Overexposure to ultraviolet radiation (UVR) is a recognised health hazard. Acute effects arising from short-term exposure include sunburn (erythema) and photo-conjunctivitis. Long-term exposure can lead to chronic conditions such as photoaging, skin cancer and cataracts. Incident UVR levels are usually measured based on the UV index system, where a UVI value of 6 is typical of summer's day in the UK and equivalent to an effective UV irradiance of 150 mW m−2. The minimum erythemal dose, MED, is the minimum amount of UVR likely to cause erthema and is (i.e. MED=1) ca. 250 J m−2 for most Caucasians, i.e. skin type II. Thus, the latter would be likely to sunburn after only 28 min on a summer's day in the UK. Despite the much greater awareness of the general public of the potential dangers of UVR overexposure, the number of attributed cases of skin cancer continues to rise such are the continued attractions of possessing a suntan. In the UK currently ca. 50,000 people develop skin cancer pa, 8000 of which are malignant leading to ca. 2000 deaths pa.
The major problem with sunburn is that the usual signs of skin burning and damage are delayed; often taking 4-8 h to appear. Thus, it is would be useful to have an easily read real-time indicator which shows when an MED=1 value has been reached for any particular skin type and it is time to cover up from the sun. There are several notable UV dosimeters on the market, including: SolarSafe, SunSignals and SunCheck. Most utilise a single gradual colour change which makes it hard to identify useful stages in the development of sunburn, such as MED=0.5 and 1.
One method to detect irreversibly UV light is to combine UV-driven acid release agents, HA, including chloral hydrate (CH) and iodonium and sulphonium salts with the deprotonated form of a pH indicator (D−). The two key processes can be summarised as follows:HA→H++A−  (1)D−+H+→DH  (2)

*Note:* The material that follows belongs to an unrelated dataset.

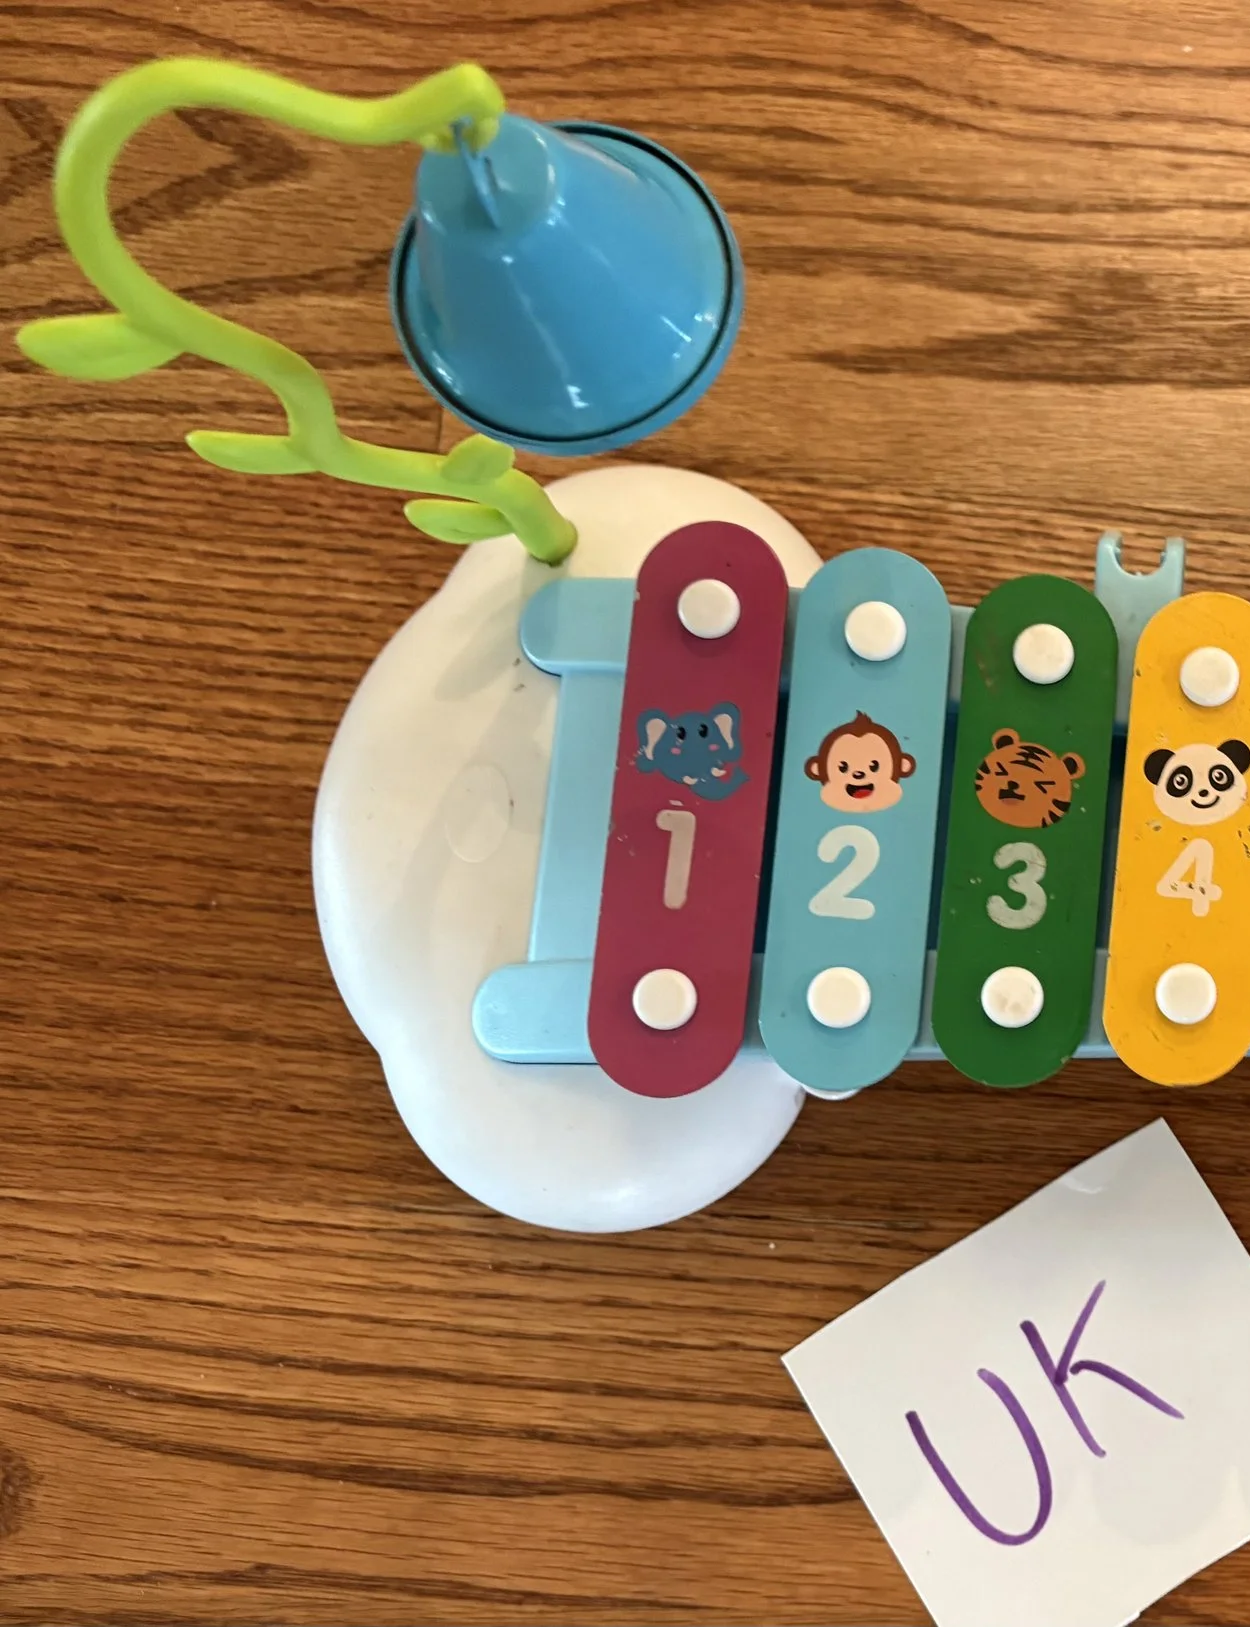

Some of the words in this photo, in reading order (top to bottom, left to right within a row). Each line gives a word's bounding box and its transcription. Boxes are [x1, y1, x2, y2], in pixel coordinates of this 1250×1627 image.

The result is that with UV irradiation time the deprotonated form of the dye, D, is converted into its conjugate acid form, DH and this is associated with a colour change since, given the nature of pH indicators, D− is very differently coloured to DH. For example, Thymol Blue (TB−) is yellow whereas TBH is red. However, such a system is generally understood to result in a prompt or substantially instantaneous colour change in response to UV stimulation, which does not therefore easily allow a user to determine a relative UV dose, or a UV dose over time.
Papers published by Abdel-Fattah et al deal primarily with such UV dosimeters based on the chloral hydrate acid release agent, supported on a glass substrate1,2.
U.S. Pat. No. 4,829,187 covers a UV dosimeter which uses a UV driven acid release agent in an indicator layer supported on a polymer or paper substrate, with a UV blocking layer on top. Alkyl halides may be used as the HA in this system.
U.S. Pat. No. 5,117,116 describes a plastic (PVC) device, attached to the skin with a pressure sensitive adhesive, which supports an indicator label just above the surface of the skin. The preferred photosensitive material in this device is an oxazolidine-dione compound but it is noted that other materials can be used, such as a combination of iodonium salts and pH sensitive dyes.
U.S. Pat. No. 6,504,161 describes “Sun Signals”™ device distributed by Sun Health Solutions and is similar in design to the system described in U.S. Pat. No. 5,117,116. This device relies on the change in colour of a pH sensitive dye—including any from the Aldrich Handbook of Stains, Dyes and Indicators—caused by the release of acid from an alkyl halide. The dye and halide are contained in a polymer support. The single colour change in this system is designed to disguise or reveal a graphic pattern depending on the manufacturer's preference.
Finally, US 2002/00298 describes a polymer layer applied directly to the skin which contains a UV sensitive agent. This agent is primarily taken from classic photochromic groups—spirooxazines, spiropyrans, fulgides, fulgimides, bisimadizoles, viologen derivatives and combinations thereof—but it is mentioned that a system incorporating iodonium salts, i.e. a UV driven acid release agent, may be used.
Nevertheless, all of the above devices describe single colour change, prompt, UV indicators/dosimeters; the only guide to the UV dose received being the depth of the colour change. Moreover, they all disclose devices which provide little information with regards to the level of the UV dose received nor a very clear indication when a MED=1 level has been achieved.
It is amongst the objects of the present invention to obviate and/or mitigate at least one of the aforementioned disadvantages.
It is an object of the present invention to provide a device/method which utilises a delayed UV indicator, which can optionally be used in conjunction with a prompt UV indicator to highlight key, different UV doses, such as 0.5, 1, and 2 MED.